THE SUPREME COURT OF THE STATE OF ALASKA
HILDUR HAKAS, ) Supreme Court Nos.
) S-3708, S-4276
Appellant, )
) Superior Court No.
v. ) 3AN-87-6131 CIVIL
)
WILLIAM J. BERGENTHAL, ) O P I N I O N
)
Appellee. )
______________________________) [No. 3907, December 24, 1992]
Appeal from the Superior Court of the
State of Alaska, Third Judicial District,
Anchorage,
Victor D. Carlson, Judge.
Appearances: James L. Johnston,
Anchorage, for Appellant, Cheri C. Jacobus,
Ross, Gingras, Bailey, & Miner, Anchorage,
and Kenneth P. Jacobus, Anchorage, for
Appellee.
Before: Rabinowitz, Chief Justice,
Burke, Matthews, Compton, and Moore,
Justices.
RABINOWITZ, Chief Justice.
When this matter was last before this court we
concluded that:
Given Hakas' concessions that she
was a resident of Alaska on August 19, 1987
when Bergenthal filed his petition for
custody of Jarle, we have determined that the
Memorandum Opinion and Judgment issued in
this case on June 27, 1990 must be vacated
and withdrawn. We now retain jurisdiction
for purposes of deciding Hakas' second
specification of error in her original
appeal, namely, whether the superior court
erred in awarding custody of Jarle to
Bergenthal as a sanction without considering
the best interests of the child.1
Hakas v. Bergenthal, MO&J No. 617, page 7, May 20, 1992.

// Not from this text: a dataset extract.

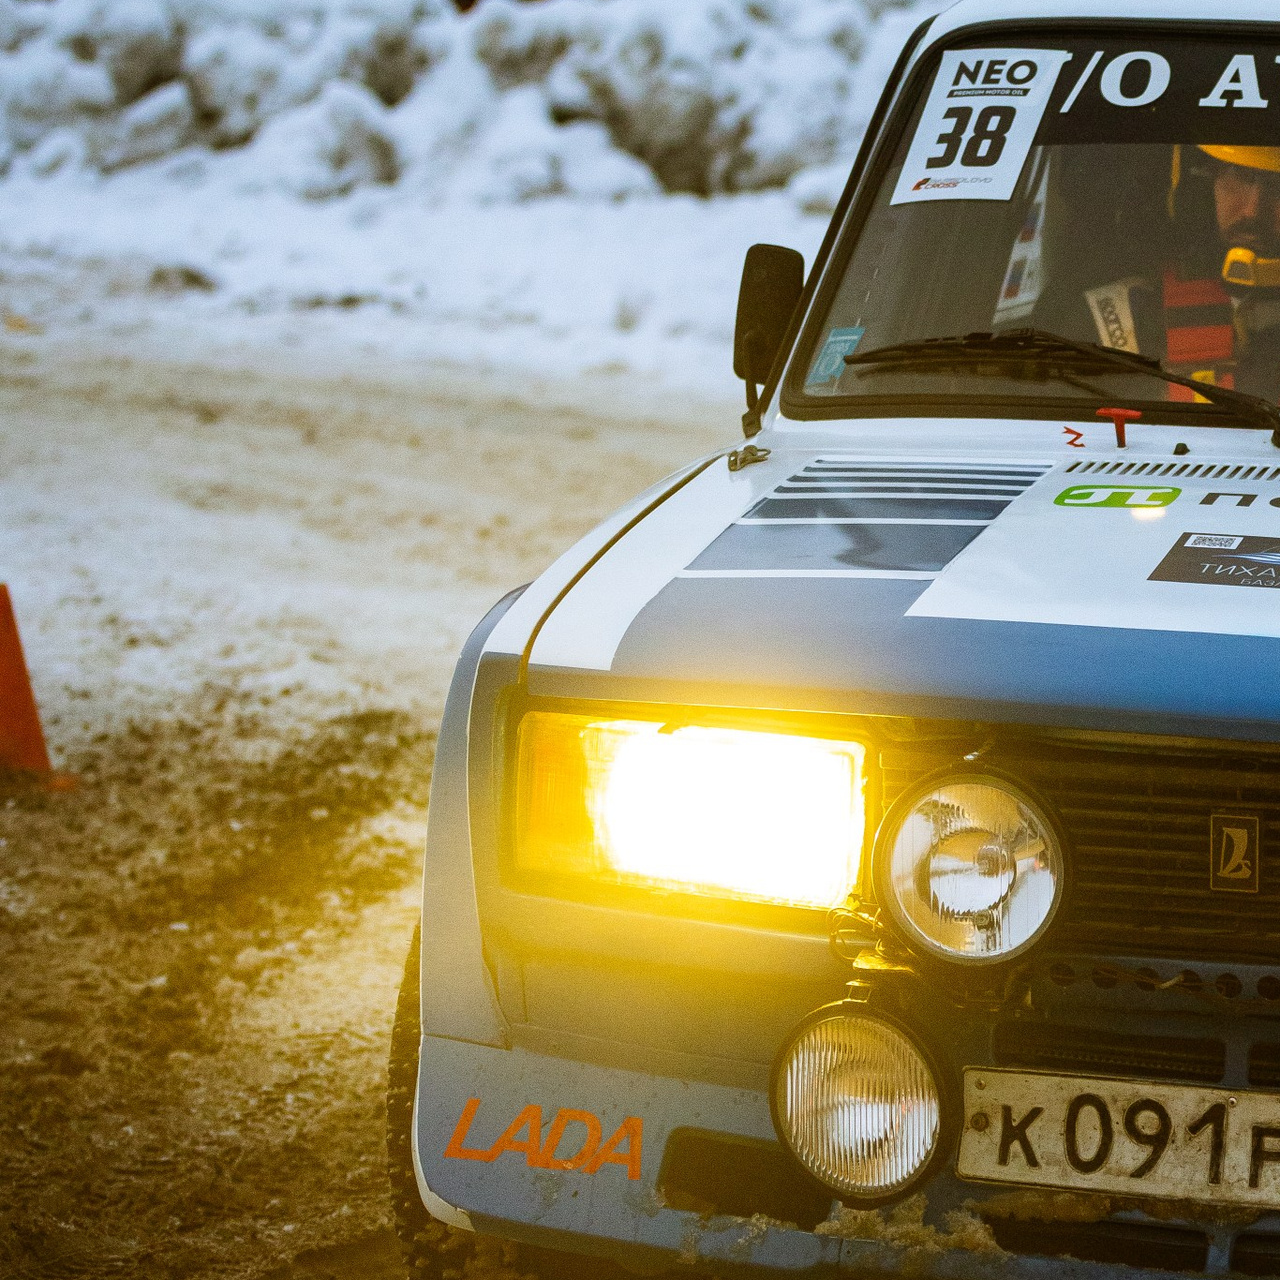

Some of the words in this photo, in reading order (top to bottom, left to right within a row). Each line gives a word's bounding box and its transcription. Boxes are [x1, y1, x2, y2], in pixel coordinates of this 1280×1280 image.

In awarding custody to Bergenthal in its
partial final judgment of July 27, 1989, the
superior court concluded that Hakas: [H]as
wrongly retained the child in Norway,
contrary to the orders of this court, and
prevented the defendant from exercising his
natural rights to visitation and his court-
ordered rights to visitation and custody by
such wrongful retention.
Additionally, in findings of fact and conclusions of
law dated December 4, 1989, the superior court noted that Hakas
failed to comply with the court's orders that the parties make an
appointment with the custody evaluator and that Hakas bring Jarle
to Alaska during the month of April to allow Bergenthal one week
of visitation with Jarle and to make herself and Jarle available
to the court custody evaluator. The findings of fact also state
that in response to the court's order to show cause why Hakas
should not be held in contempt:
The plaintiff failed to appear, except
through counsel, and failed to show cause why
she should not be found in contempt. It is
clear, therefore, that the plaintiff has
breached Mr. Bergenthal's rights of custody
and visitation with the parties' minor child,
Jarle Ivan Hakus-Bergenthal, under the laws
of this state in which the child was
habitually resident immediately before the
child was removed. It is clear, further,
that since the plaintiff has removed the
child, plaintiff has prevented the defendant
from exercising his rights to custody and
visitation as a result of that removal and
retention of the child. The plaintiff has
wrongfully retained the child in Norway,
contrary to the orders of this court, and
prevented the defendant from exercising his
natural rights to visitation and his court-
ordered rights to visitation and custody by
such wrongful retention.2
On the basis of these findings the superior court
entered a partial final judgment which ordered that Bergenthal
"be awarded full care, custody and control of the minor child of
the parties, Jarle Ivan Hakas-Bergenthal, . . . with reasonable
rights of visitation in . . . [Hakas]."
A best interest of the child inquiry is an essential
component of a custody determination, whether it is in the
context of an initial custody determination or modification of an
existing custody arrangement. Nichols v. Mandelin, 790 P.2d 1367
(Alaska 1990). This inquiry is not obviated by Hakas'
noncooperation.3 In making a custody determination the court
must consider "all relevant factors including those enumerated in
AS 25.24.150(c)." AS 25.20.060(a).4 Contrary to Bergenthal's
assertions, review of the record reveals no express consideration
by the superior court of Jarle's best interests in any context.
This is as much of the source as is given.